— Task material —
--- START ---
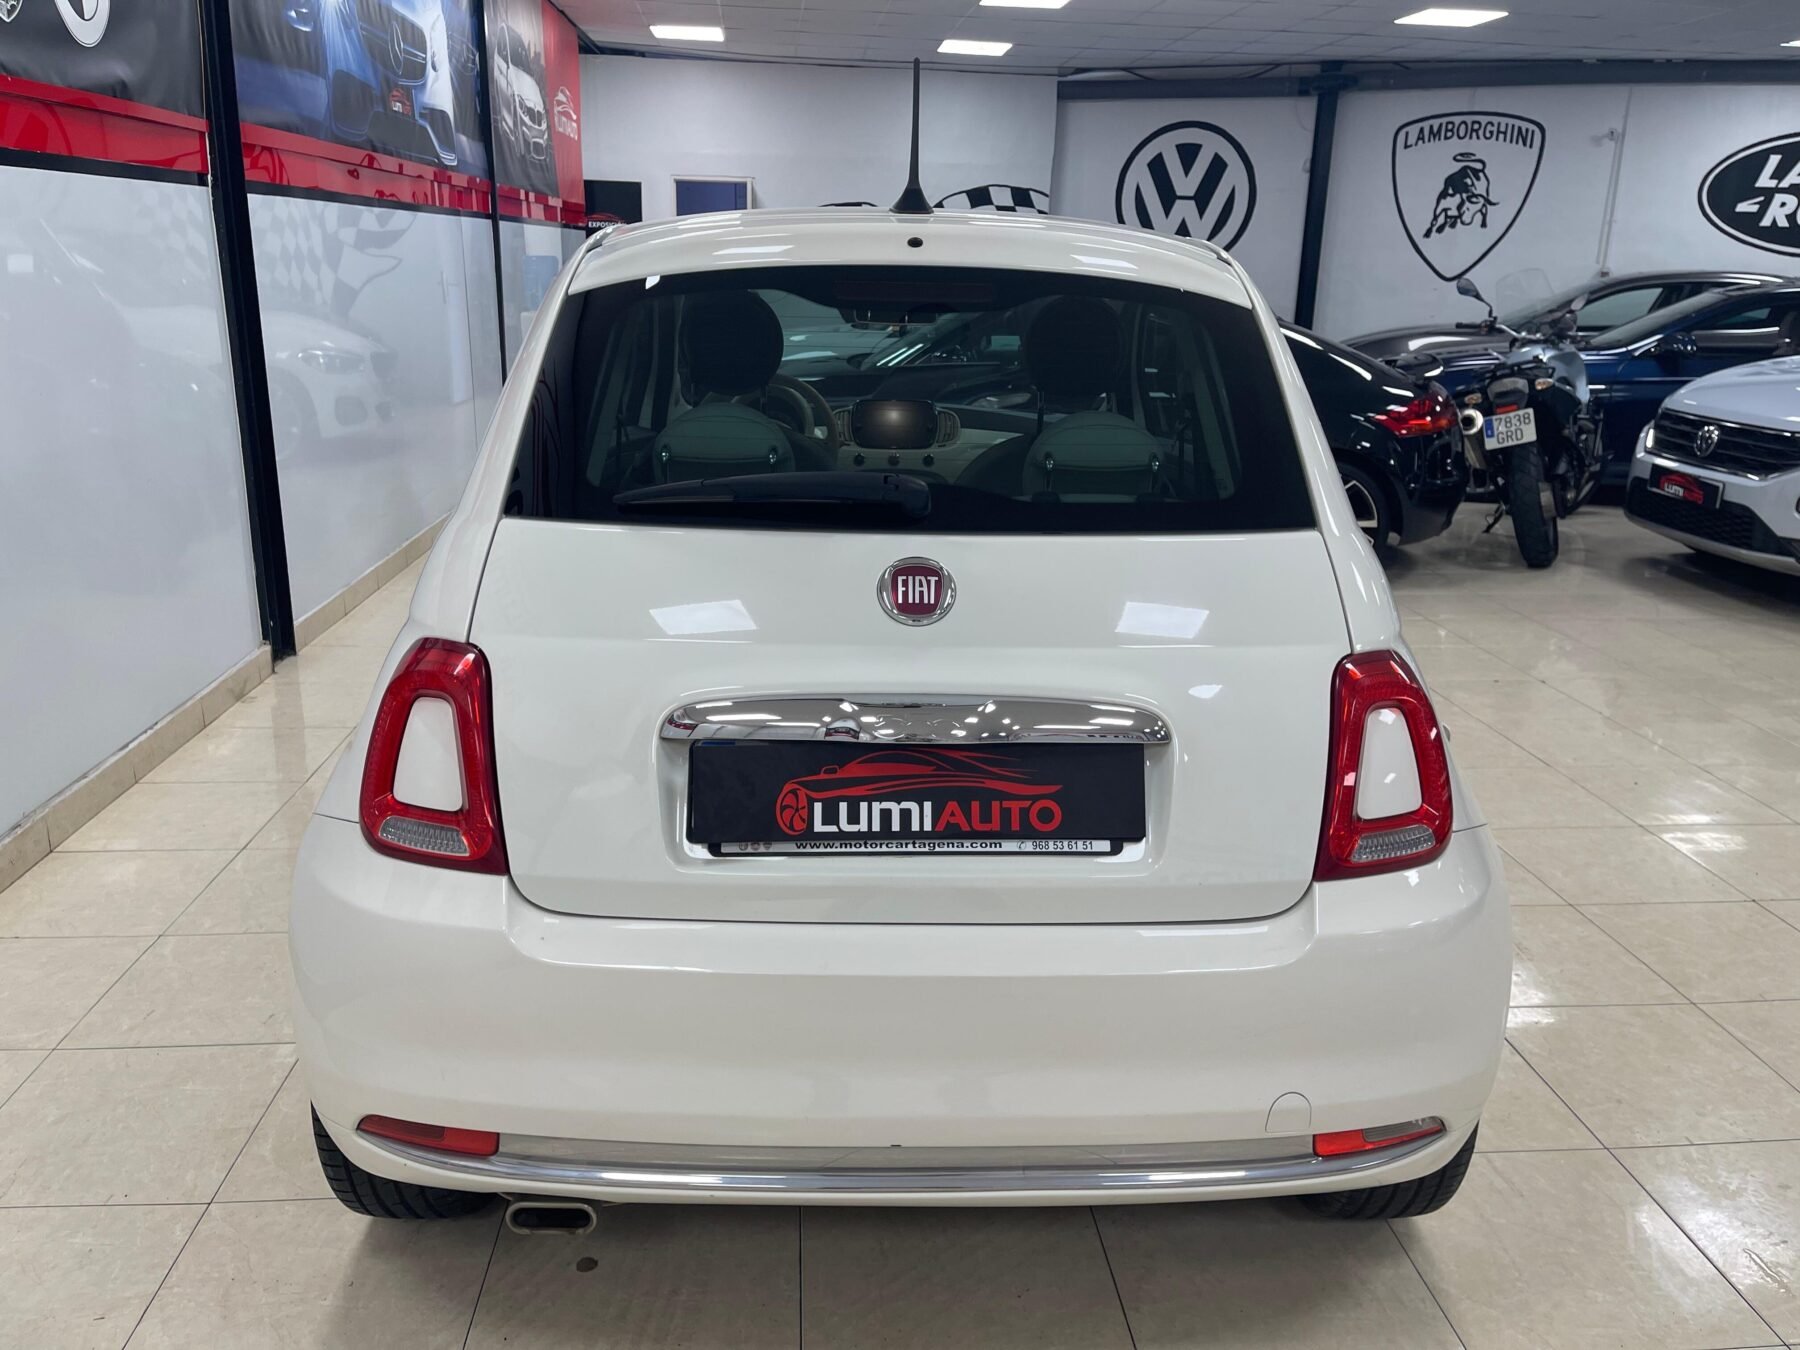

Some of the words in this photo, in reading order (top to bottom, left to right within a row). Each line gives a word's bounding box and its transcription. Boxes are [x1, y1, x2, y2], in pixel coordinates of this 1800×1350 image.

[1403, 120, 1535, 150] LAMBORGHINI
[1758, 192, 1800, 228] R
[1495, 412, 1531, 431] 7838
[1496, 428, 1524, 445] GRD
[897, 575, 939, 604] FIAT
[812, 799, 1062, 833] LUMIAUTO
[795, 840, 1003, 851] www.motorcartagena.com
[1031, 840, 1050, 851] 968
[1053, 840, 1065, 851] 53
[1067, 840, 1079, 851] 61
[1082, 840, 1093, 851] 51
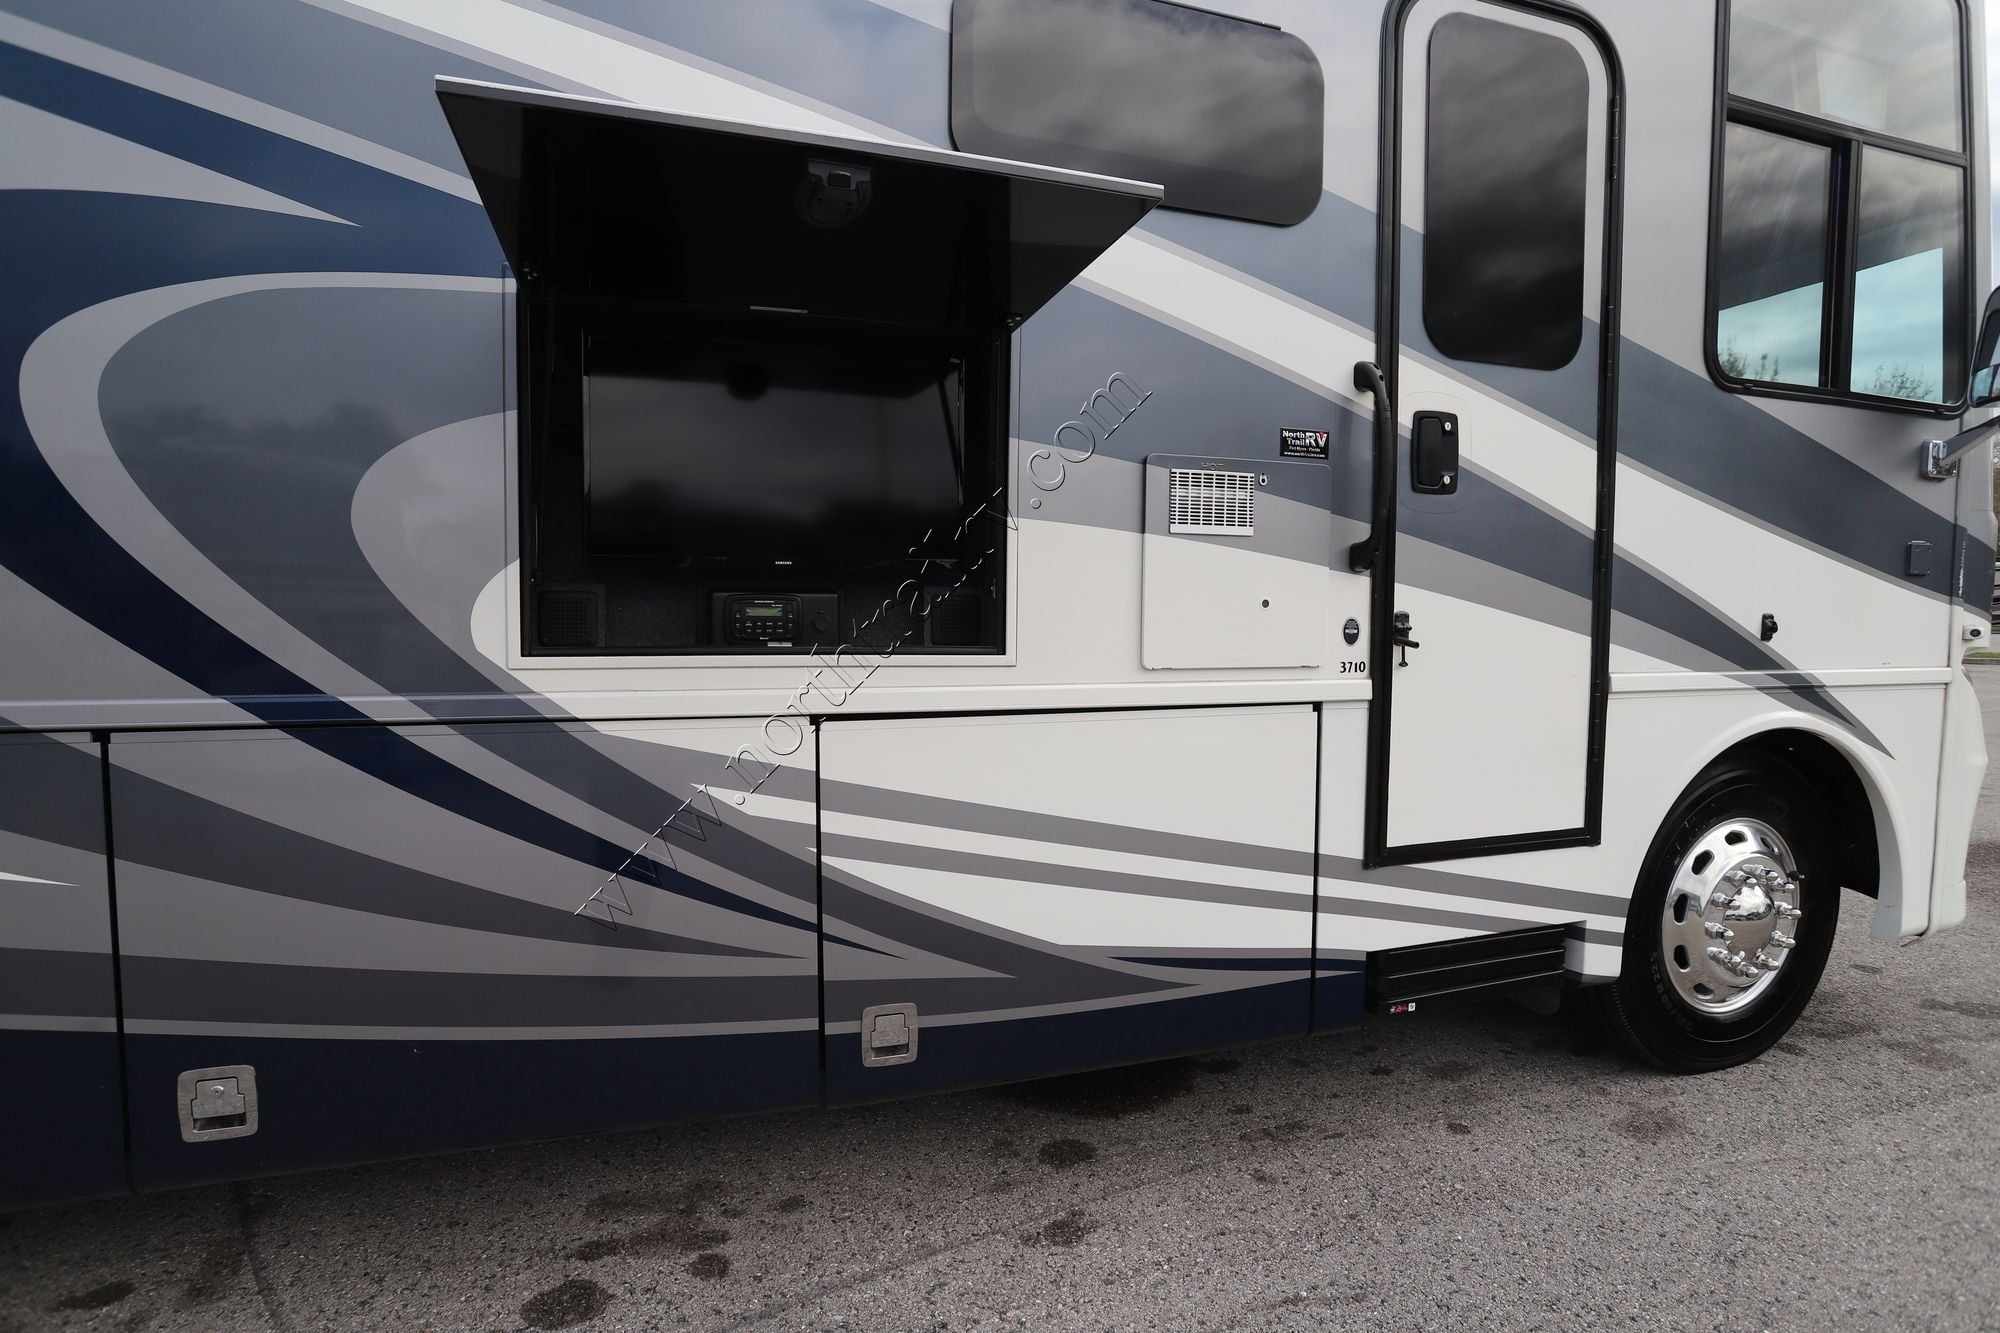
--- END ---
— Requirement —
Starting with the top line, write out all the data above exactly; keep the pictures out.

— Answer section —
Some of the words in this photo, in reading order (top to bottom, left to right within a row). Each line gives a word's bounding box and its transcription. Boxes are [x1, y1, x2, y2], in pixel coordinates of this 1800×1350 image.

[1403, 120, 1535, 150] LAMBORGHINI
[1758, 192, 1800, 228] R
[1495, 412, 1531, 431] 7838
[1496, 428, 1524, 445] GRD
[897, 575, 939, 604] FIAT
[812, 799, 1062, 833] LUMIAUTO
[795, 840, 1003, 851] www.motorcartagena.com
[1031, 840, 1050, 851] 968
[1053, 840, 1065, 851] 53
[1067, 840, 1079, 851] 61
[1082, 840, 1093, 851] 51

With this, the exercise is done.